The majority of the clinical trials in the past two years have included a placebo arm. But now, families have seen a drug approved based on trial in which every boy got the drug.
Bolno notes that Wave, which plans to ask for permission to start clinical trials of its DMD drugs in the second half of 2017, wants to design a study that balances the needs of regulators and families. “A lot of work we’re doing right now is not on the drug discovery side, but rather in making sure we work with communities and agencies to have a study that delivers on what everyone expects,” he says.
On the heels of the eteplirsen approval, “one of the things we’re evaluating is what does a placebo-controlled trial look like in this space,” Bolno adds. Instead of comparing its drug for exon 51 to a placebo, Wave could compare it to eteplirsen—an approach that would make it easier to convince families to enroll their kids in a trial.
Complicating the matter is eteplirsen’s conditional approval. Sarepta has agreed to conduct a follow-up “confirmatory” trial, although the design has yet to be decided.

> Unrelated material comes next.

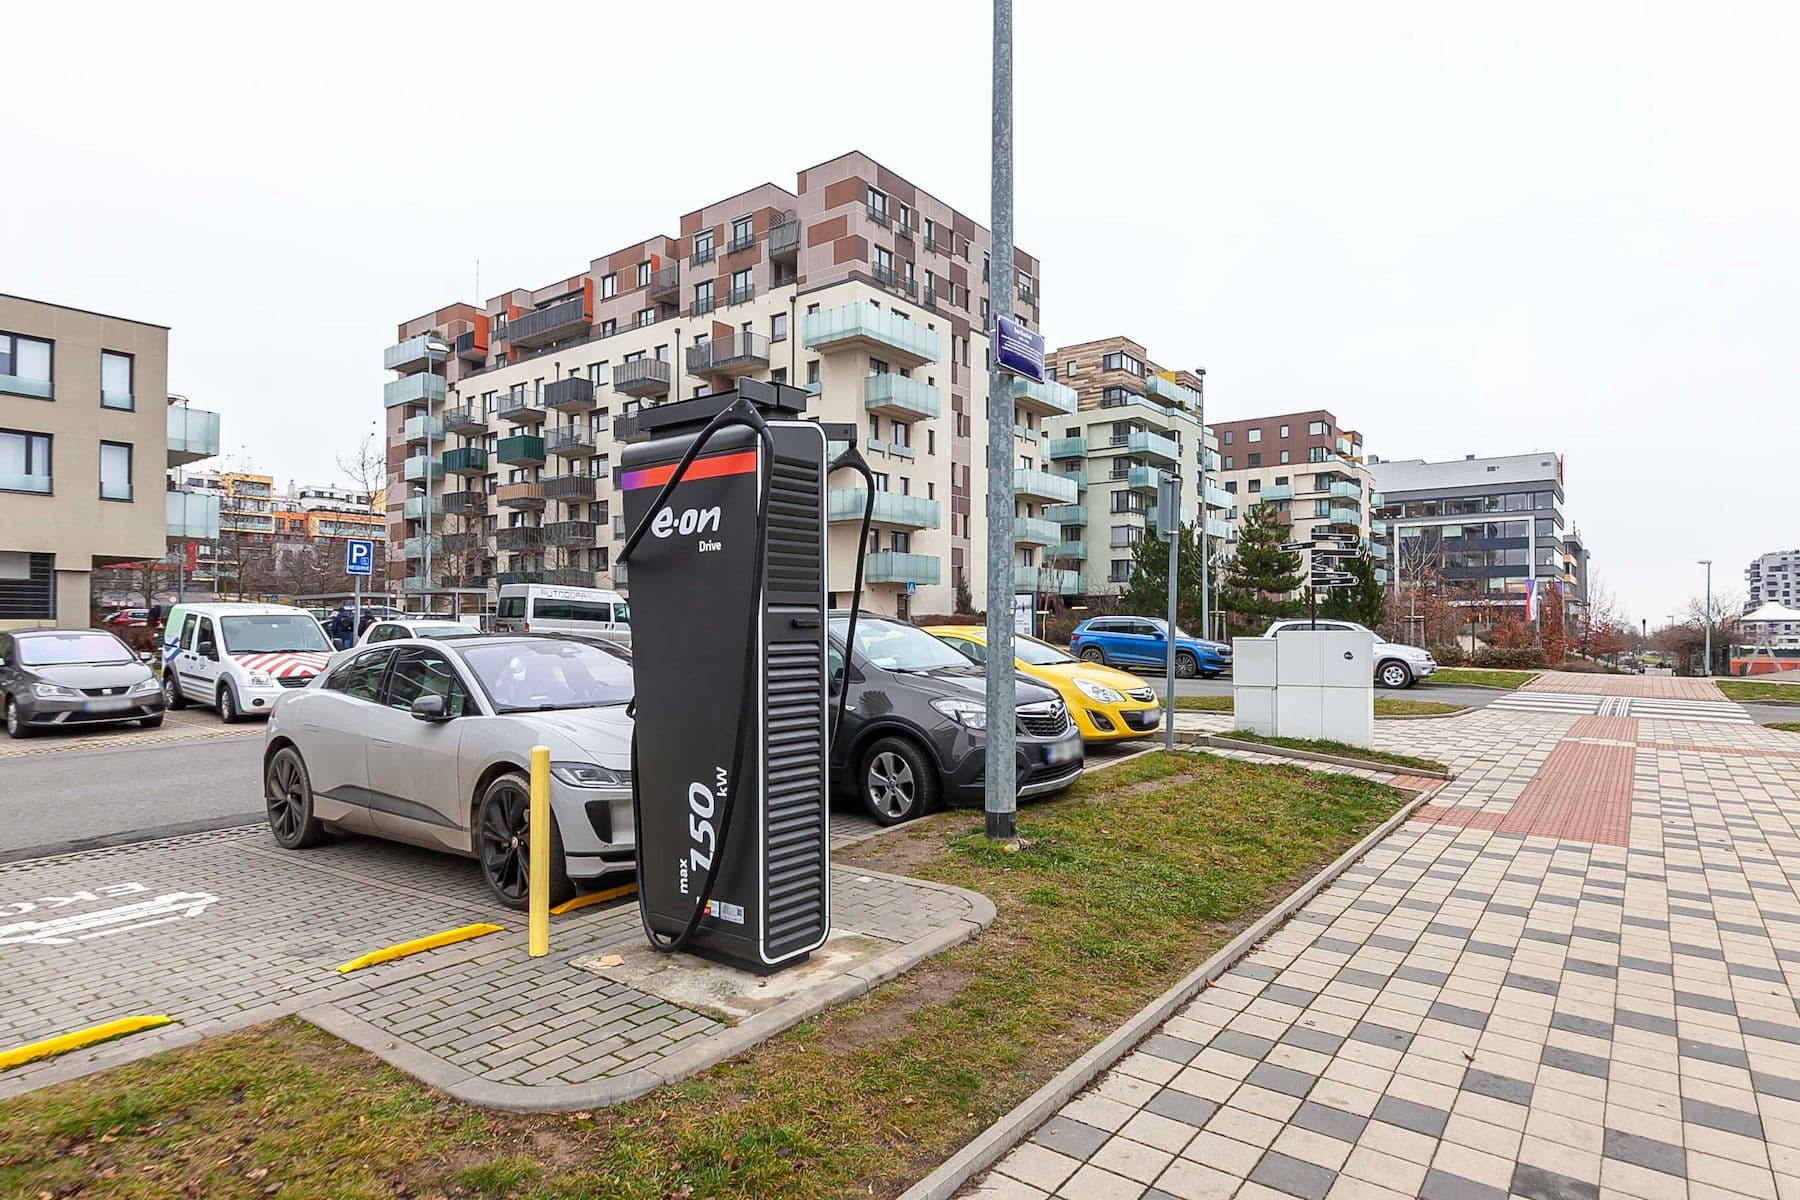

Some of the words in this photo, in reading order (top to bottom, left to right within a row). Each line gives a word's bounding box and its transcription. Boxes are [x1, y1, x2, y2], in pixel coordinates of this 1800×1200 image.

Sarepta itself will be faced with the placebo question in the near future. Although it has included a placebo arm in a two-year study of drugs addressing other exon deletions, “it would be very difficult to do a placebo-controlled trial” for future drugs, Kaye says, because even fewer boys carry the mutations addressed by the next wave of exon-skipping drugs. “By necessity, we’re going to have a different pathway,” he says.
Families are well aware of the need to follow the science but argue that flexibility in studies will become even more urgent as the pipeline grows. “The number of available patients is getting smaller with all the choices, making it more difficult to run trials,” McNary says. “You shouldn’t have to be penalized for having a rare disease versus a common one.”
Advocates would like to see creative solutions—ideally studies that would allow data to be collected while patients have access to treatments. They are quick to remind researchers that they are running against an unforgiving clock: While waiting for effective drugs, kids will lose the ability to walk. Some will die.
Emily Pritchard has been following the eteplirsen story for years. Although her son Jake would not benefit from eteplirsen, his mutation, exon 53, has for years been eyed by drug firms developing other exon-skipping therapies.
In August, Pritchard’s family flew to Los Angeles for Jake to be screened for Sarepta’s Phase III study of its exon 53 and 45 treatments. To qualify, Jake needed to be able to walk a certain distance in six minutes, a measure of mobility that will be the primary endpoint for the trial.
At a check-up in February, Jake had been able to walk far enough to make the trial cut-off. But he’s at an age where the disease causes a precipitous decline in muscle function. In August, “unfortunately, he was like 20 meters short on the six-minute walk test,” Pritchard says.
The family was deeply disappointed. The two-year exon 53 study is one of the few options left for Jake, who at 12 is too old for many of other clinical trials underway. If the drug turns out to work, he will still have spent several more years waiting—and losing function.
As companies, advocates, and regulators pause to reach consensus on how best to design clinical trials and approve drugs, stories like Jake’s remind them of the urgency. Parent Project’s Furlong says it is time for everyone involved to regroup and approach the challenge with less drama. “We have a lot to do,” she says, “and our children deserve us to do it better.”